In fact the YWP and the AWCC are very similar with, mostly due to the separate geographies of each park (wooded, hillside pasture for the YWP and coastal brush and scrub for the AWCC, the main contrast between the two being that the AWCC has a more utilitarian look (which can be disguised with clever framing) than that of the YWP.
Collection wise, I was surprised that the YWP does not exhibit Brown or Black Bears, or Wolves. I also wondered while the AWCC (which sources Wood Bison from Canada) does not work with the YWP to acquire excess Thin-horn Sheep (Dall morph) or Mountain Goats to complete their collection of megafauna found in sub-arctic Alaska.
Overall the YWP was a very welcoming and pleasant experience and I'd highly recommend a visit if you are ever in Whitehorse.
Now...my own personnel zoo standard...probable ecological. If the YWP's residents were found on an island possessing the size and topography of Borneo out in the Gulf of Alaska would it work ecologically?

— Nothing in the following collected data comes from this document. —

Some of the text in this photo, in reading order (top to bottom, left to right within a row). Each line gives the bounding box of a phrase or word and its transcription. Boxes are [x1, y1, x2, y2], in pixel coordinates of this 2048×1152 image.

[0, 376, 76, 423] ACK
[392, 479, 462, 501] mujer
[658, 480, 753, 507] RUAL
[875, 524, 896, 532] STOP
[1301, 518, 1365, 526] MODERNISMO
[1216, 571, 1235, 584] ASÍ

The herbivores would each have adequate habitat and do just fine with the Thin-horn Sheep and Mountain Goats occupying the northern mountains and the Caribou and Muskox most common on the north slope where I imagine the land cover would be similar to that of the Aleutian Islands or Kodiak being a mixture of brush and grassland. The Mule Deer and Moose and Bison would thrive in the myriad of open, closed, and wetland habitats south of the mountains on the wetter southern and eastern regions. With Arctic Ground Squirrels abundant on the northern third of the island and present in smaller numbers throughout the south (lacking competition from other rodents)...during the summer, when the squirrels are active, the lynx and the Red Fox might have a chance...but barring other prey species the Canada Lynx and the Red Fox would not abundant, if present at all. The lynx (larger specimens) might be able to take down the occasional caribou calf, or sheep and mule deer...but probably not successfully enough to sustain a populations...preying on the Red Fox would be an option...but the fox will have it's own difficulties sustaining an island wide population. But the Red Fox would be better equipped than the lynx. At least along the coastline the foxes couple hunt in the tidal zone and scavenge on creatures washed up on the beaches. In the summers, success with hunting the Ground Squirrels and feeding on berries and maybe fungi would sustain the animals. In the late winter, herbivores (overpopulated in cyclical boom / bust function) would leave carcasses that could be scavenged...but otherwise the foxes (at least those not on the coast) would subsist on cannibalism and starvation. If we include the default species of rodent and lagomorph (as well as documented birds) both the Lynx and the Red Fox would each survive, although the larger herbivores (once they have reached carrying capacity) would exist in a perpetual boom / bust cycle as disease, starvation, and winters periodically thinned the herds.
The Yukon Wildlife Park has a probable ecological score of 100. Pretty low for a zoo in general and very low for a "native species wildpark." Were it in a slightly more populated area, I would be surprised if the YWP continued to be bereft of wolves and bears.